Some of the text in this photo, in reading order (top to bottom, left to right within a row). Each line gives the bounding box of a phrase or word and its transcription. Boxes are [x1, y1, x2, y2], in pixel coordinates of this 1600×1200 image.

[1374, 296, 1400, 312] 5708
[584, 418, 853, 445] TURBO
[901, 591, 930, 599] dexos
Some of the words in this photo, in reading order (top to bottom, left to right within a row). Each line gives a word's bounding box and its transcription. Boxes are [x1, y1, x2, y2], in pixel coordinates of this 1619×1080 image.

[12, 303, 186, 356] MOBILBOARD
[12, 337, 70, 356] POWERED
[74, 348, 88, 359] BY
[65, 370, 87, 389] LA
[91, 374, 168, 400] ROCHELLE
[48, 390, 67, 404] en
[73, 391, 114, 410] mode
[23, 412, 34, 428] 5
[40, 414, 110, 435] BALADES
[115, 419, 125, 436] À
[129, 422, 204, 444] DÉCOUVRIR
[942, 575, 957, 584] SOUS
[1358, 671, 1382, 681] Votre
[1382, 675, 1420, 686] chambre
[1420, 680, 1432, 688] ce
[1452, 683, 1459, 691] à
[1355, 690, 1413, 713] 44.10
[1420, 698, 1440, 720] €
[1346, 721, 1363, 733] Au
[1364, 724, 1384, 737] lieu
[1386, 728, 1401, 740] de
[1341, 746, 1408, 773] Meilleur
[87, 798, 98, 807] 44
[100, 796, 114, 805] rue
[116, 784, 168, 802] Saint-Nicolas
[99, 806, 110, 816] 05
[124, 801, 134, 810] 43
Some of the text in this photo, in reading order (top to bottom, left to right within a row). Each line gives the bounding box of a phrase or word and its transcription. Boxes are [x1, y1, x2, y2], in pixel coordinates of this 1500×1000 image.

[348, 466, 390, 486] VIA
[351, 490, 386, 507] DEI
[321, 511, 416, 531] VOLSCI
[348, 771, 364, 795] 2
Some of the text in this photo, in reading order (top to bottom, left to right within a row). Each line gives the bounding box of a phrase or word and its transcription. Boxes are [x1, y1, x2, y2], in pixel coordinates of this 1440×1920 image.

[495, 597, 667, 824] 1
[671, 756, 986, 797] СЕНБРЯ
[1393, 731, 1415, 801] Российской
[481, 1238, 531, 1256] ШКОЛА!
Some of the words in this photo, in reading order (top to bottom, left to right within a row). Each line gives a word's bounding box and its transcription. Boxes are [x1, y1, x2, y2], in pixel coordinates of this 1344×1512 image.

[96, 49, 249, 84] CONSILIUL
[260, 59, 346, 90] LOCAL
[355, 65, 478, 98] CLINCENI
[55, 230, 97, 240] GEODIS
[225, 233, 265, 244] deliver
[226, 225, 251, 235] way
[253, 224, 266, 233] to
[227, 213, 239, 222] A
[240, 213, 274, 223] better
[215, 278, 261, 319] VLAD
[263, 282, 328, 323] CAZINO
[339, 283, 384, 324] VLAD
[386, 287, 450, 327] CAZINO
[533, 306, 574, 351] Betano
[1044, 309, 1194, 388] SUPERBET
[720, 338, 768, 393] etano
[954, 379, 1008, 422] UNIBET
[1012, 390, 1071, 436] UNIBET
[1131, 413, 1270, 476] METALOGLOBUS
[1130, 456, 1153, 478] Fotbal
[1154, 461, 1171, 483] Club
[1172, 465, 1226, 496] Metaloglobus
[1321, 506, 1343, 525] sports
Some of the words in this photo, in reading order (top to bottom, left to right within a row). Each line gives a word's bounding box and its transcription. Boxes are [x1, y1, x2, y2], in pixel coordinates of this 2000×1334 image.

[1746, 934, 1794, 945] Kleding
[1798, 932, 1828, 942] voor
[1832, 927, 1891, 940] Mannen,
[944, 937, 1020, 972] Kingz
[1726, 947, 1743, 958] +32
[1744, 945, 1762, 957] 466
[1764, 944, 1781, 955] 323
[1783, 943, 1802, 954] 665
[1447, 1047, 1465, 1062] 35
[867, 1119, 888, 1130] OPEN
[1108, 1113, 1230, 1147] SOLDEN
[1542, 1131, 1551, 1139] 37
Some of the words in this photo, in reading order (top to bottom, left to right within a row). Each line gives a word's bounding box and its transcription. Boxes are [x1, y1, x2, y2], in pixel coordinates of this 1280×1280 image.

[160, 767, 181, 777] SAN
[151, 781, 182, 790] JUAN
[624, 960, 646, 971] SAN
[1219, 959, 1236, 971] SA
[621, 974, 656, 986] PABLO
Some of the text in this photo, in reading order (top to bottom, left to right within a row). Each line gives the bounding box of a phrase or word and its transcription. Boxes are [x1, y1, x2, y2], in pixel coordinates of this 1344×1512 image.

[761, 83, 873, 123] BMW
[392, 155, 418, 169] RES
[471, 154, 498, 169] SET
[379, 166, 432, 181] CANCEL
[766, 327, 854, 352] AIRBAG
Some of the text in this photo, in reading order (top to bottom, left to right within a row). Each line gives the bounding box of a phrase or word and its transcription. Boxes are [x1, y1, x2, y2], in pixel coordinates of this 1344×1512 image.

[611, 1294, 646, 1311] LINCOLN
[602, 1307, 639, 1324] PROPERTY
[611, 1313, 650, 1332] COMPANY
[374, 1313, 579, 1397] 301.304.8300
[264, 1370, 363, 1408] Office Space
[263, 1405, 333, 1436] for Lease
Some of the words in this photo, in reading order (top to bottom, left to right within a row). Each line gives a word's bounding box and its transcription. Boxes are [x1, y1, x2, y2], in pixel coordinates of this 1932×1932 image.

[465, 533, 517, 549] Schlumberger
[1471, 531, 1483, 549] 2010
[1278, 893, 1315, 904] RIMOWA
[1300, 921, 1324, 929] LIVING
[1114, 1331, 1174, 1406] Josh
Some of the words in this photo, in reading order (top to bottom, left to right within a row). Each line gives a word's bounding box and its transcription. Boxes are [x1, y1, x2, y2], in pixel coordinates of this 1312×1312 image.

________________

This exercise calls for the line containing "this 1932×1932 image." and each line after it in the records, copied exactly.

ANSWER:
Some of the words in this photo, in reading order (top to bottom, left to right within a row). Each line gives a word's bounding box and its transcription. Boxes are [x1, y1, x2, y2], in pixel coordinates of this 1932×1932 image.

[465, 533, 517, 549] Schlumberger
[1471, 531, 1483, 549] 2010
[1278, 893, 1315, 904] RIMOWA
[1300, 921, 1324, 929] LIVING
[1114, 1331, 1174, 1406] Josh
Some of the words in this photo, in reading order (top to bottom, left to right within a row). Each line gives a word's bounding box and its transcription. Boxes are [x1, y1, x2, y2], in pixel coordinates of this 1312×1312 image.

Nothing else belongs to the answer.